RECORD EXTRACTS:
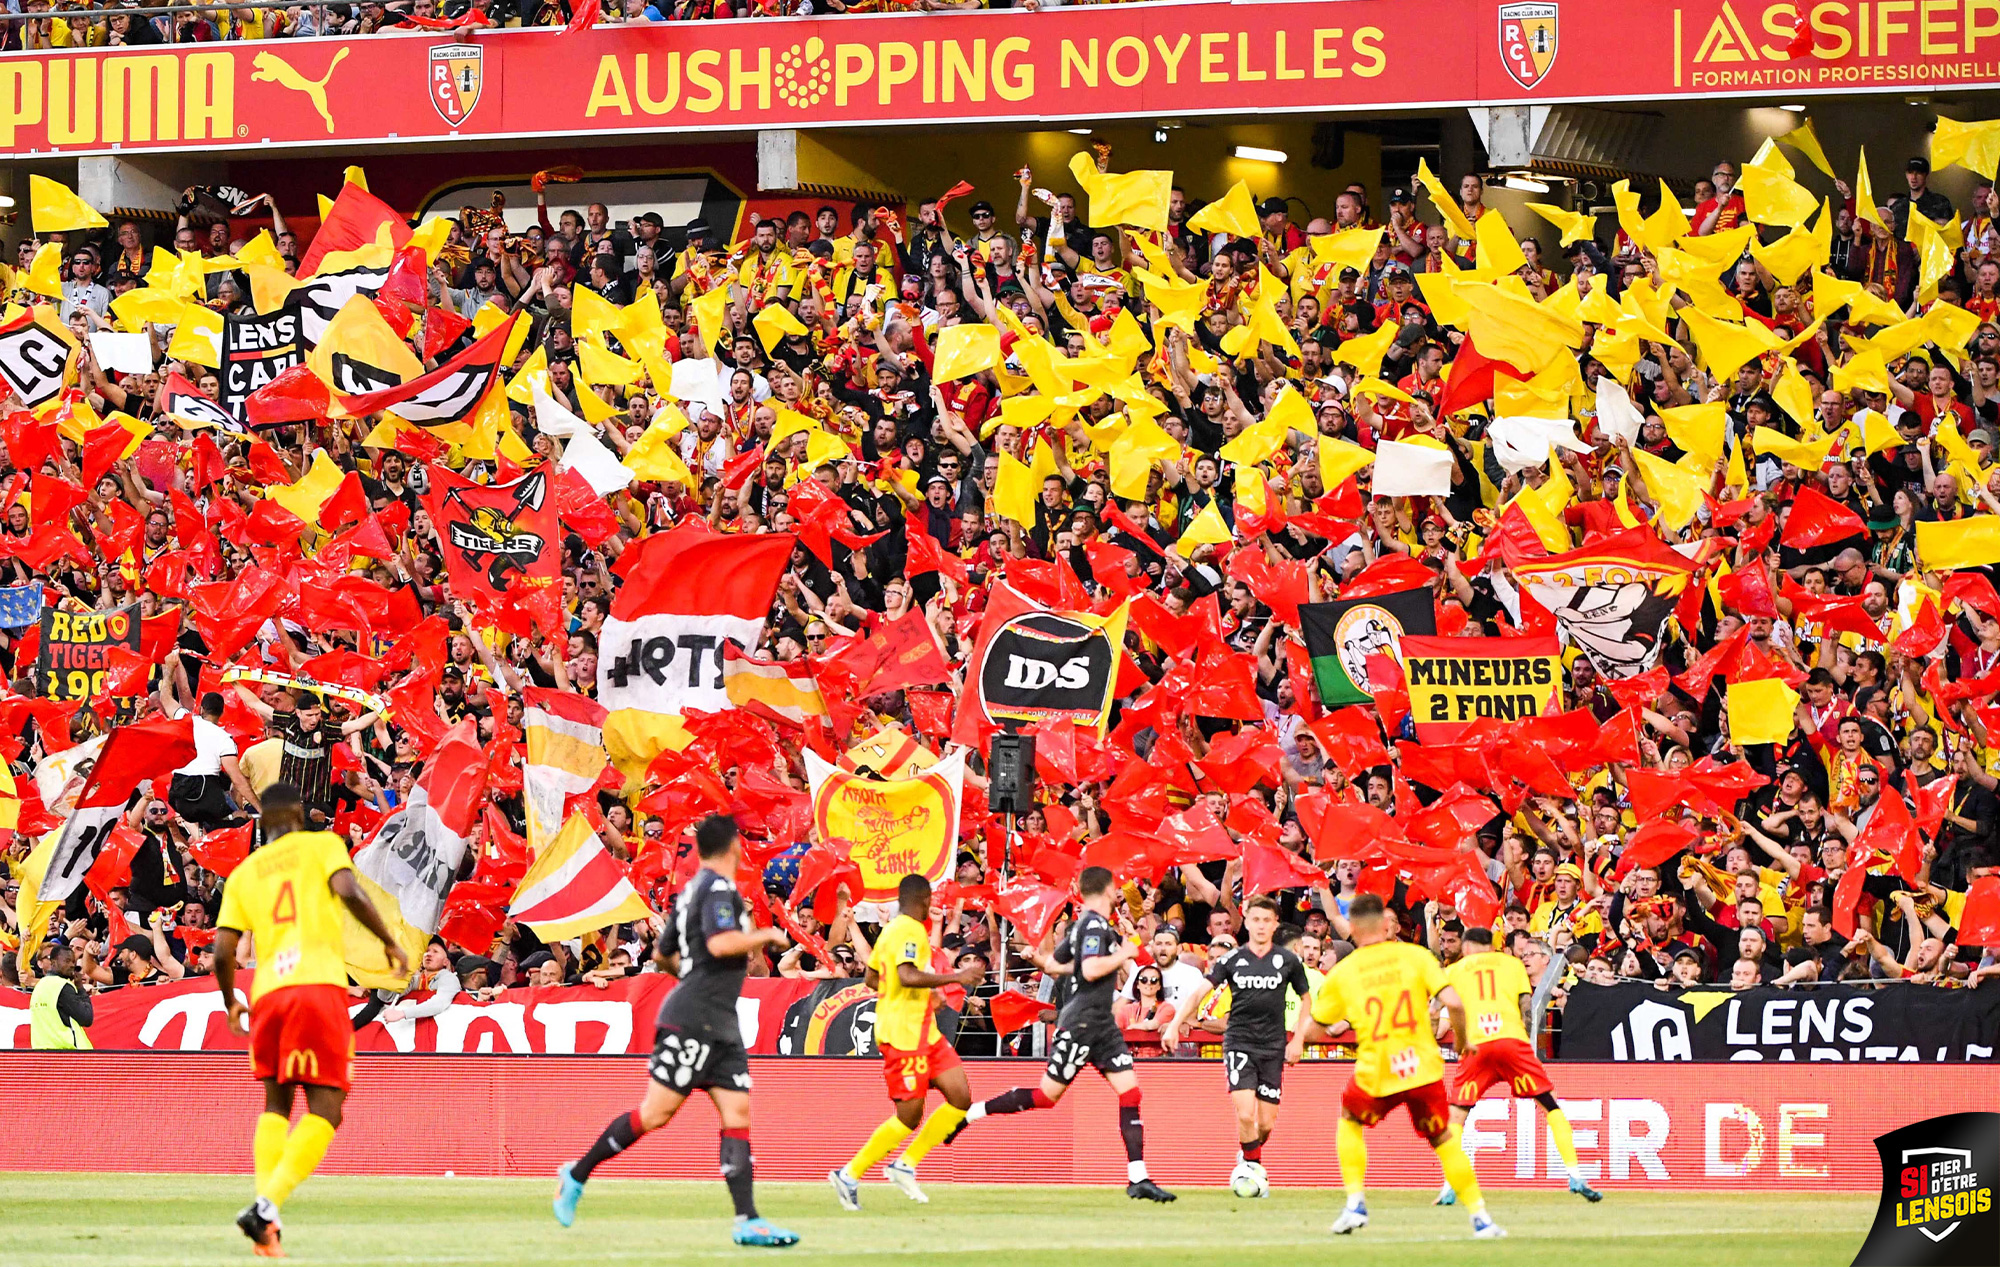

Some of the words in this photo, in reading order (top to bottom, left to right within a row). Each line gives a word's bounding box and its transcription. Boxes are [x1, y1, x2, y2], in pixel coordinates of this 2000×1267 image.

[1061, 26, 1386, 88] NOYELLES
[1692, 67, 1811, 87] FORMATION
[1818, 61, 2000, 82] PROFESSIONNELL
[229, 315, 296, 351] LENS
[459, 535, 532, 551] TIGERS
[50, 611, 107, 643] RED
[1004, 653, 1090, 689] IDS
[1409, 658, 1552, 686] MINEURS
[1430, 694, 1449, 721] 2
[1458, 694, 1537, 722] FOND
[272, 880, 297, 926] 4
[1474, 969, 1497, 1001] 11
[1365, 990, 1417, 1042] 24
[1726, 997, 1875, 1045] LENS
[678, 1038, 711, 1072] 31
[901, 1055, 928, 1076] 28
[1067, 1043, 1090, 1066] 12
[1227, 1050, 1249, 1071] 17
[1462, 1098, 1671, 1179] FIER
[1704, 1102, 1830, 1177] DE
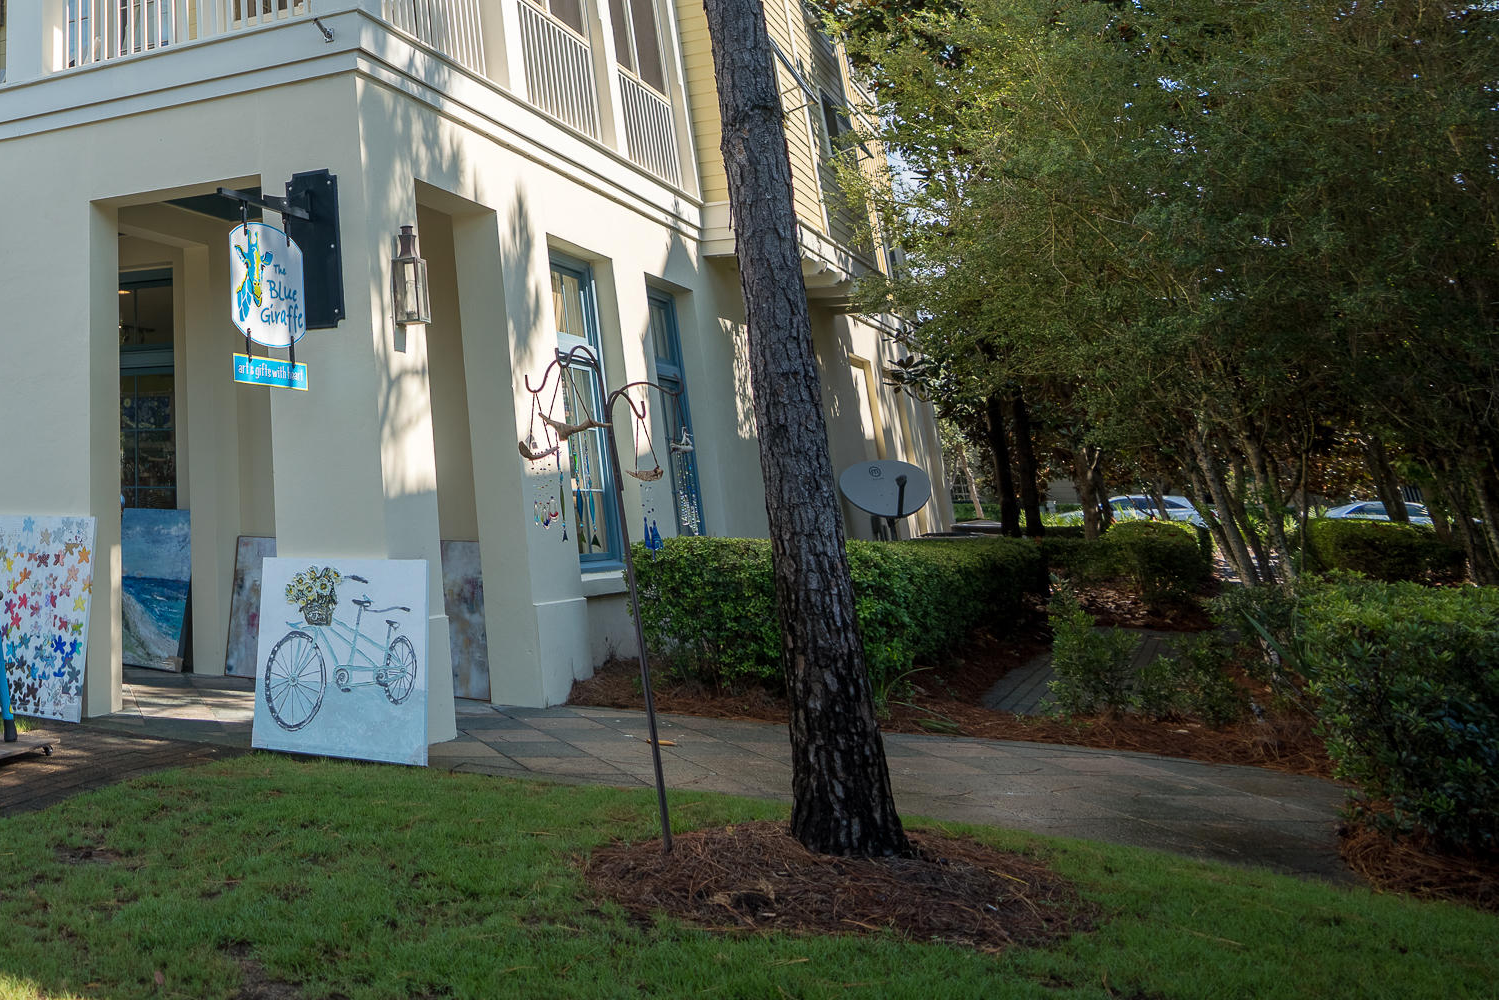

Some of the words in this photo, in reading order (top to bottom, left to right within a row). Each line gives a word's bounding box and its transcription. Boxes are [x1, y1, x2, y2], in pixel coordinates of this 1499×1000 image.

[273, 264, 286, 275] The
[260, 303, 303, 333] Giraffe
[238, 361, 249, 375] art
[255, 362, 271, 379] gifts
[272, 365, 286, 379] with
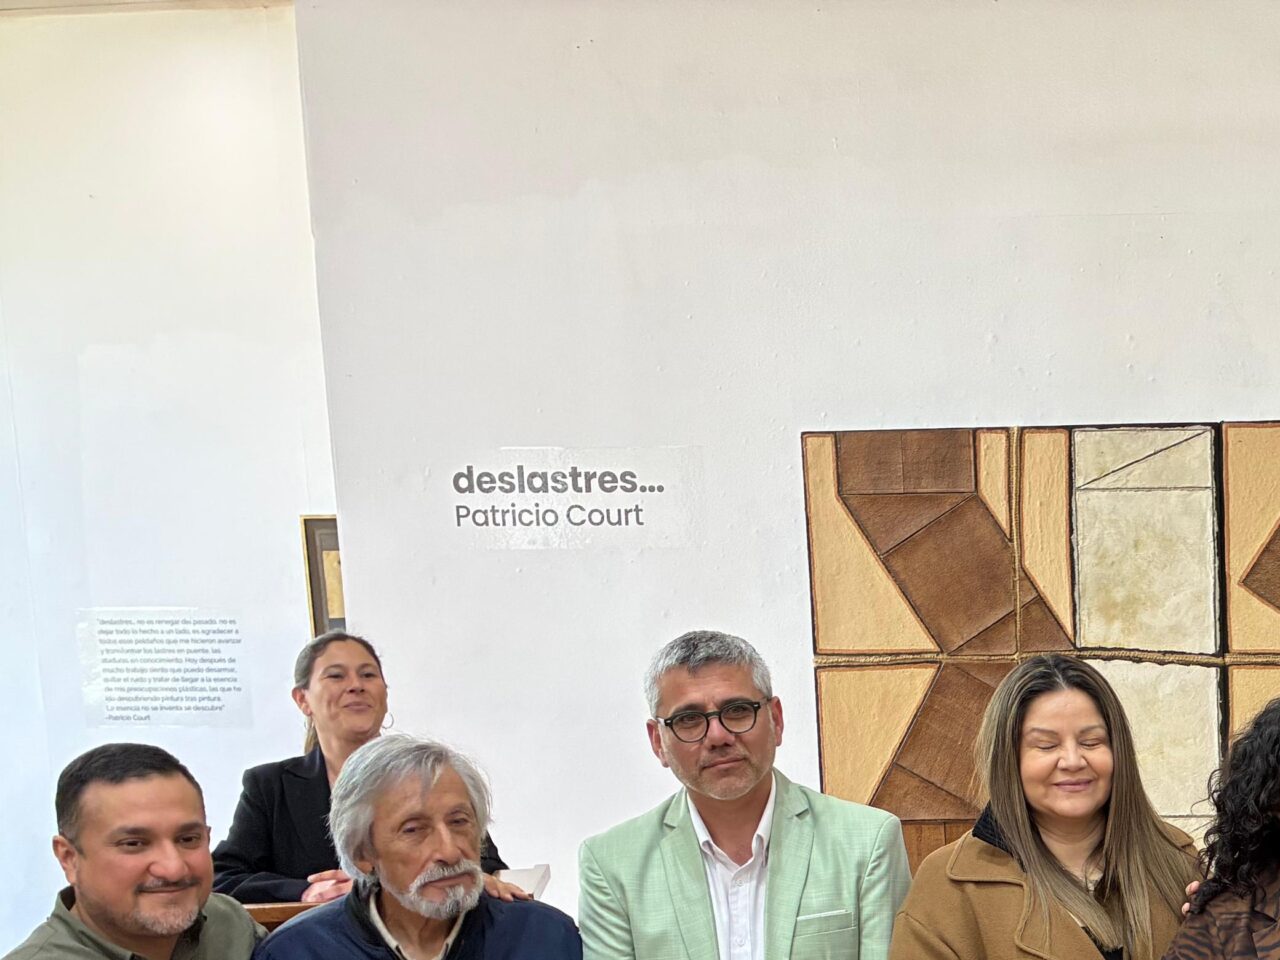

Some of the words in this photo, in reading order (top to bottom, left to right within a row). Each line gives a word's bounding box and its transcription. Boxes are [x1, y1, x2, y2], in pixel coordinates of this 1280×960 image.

EXERCISE INSTRUCTIONS:
Output every line above exactly as it stands, and drop any picture.

RESULT OF THIS EXERCISE:
Some of the words in this photo, in reading order (top to bottom, left to right within a row). Each line gives a word's bounding box and its transcription. Boxes are [x1, y1, x2, y2], in pixel coordinates of this 2000×1267 image.

[1061, 26, 1386, 88] NOYELLES
[1692, 67, 1811, 87] FORMATION
[1818, 61, 2000, 82] PROFESSIONNELL
[229, 315, 296, 351] LENS
[459, 535, 532, 551] TIGERS
[50, 611, 107, 643] RED
[1004, 653, 1090, 689] IDS
[1409, 658, 1552, 686] MINEURS
[1430, 694, 1449, 721] 2
[1458, 694, 1537, 722] FOND
[272, 880, 297, 926] 4
[1474, 969, 1497, 1001] 11
[1365, 990, 1417, 1042] 24
[1726, 997, 1875, 1045] LENS
[678, 1038, 711, 1072] 31
[901, 1055, 928, 1076] 28
[1067, 1043, 1090, 1066] 12
[1227, 1050, 1249, 1071] 17
[1462, 1098, 1671, 1179] FIER
[1704, 1102, 1830, 1177] DE

Some of the words in this photo, in reading order (top to bottom, left to right within a row). Each line gives a word's bounding box and its transcription. Boxes are [x1, y1, x2, y2], in pixel coordinates of this 1499×1000 image.

[273, 264, 286, 275] The
[260, 303, 303, 333] Giraffe
[238, 361, 249, 375] art
[255, 362, 271, 379] gifts
[272, 365, 286, 379] with

Some of the words in this photo, in reading order (top to bottom, left to right within a row). Each line gives a word's bounding box and its transcription. Boxes are [x1, y1, x2, y2], in pixel coordinates of this 1280×960 image.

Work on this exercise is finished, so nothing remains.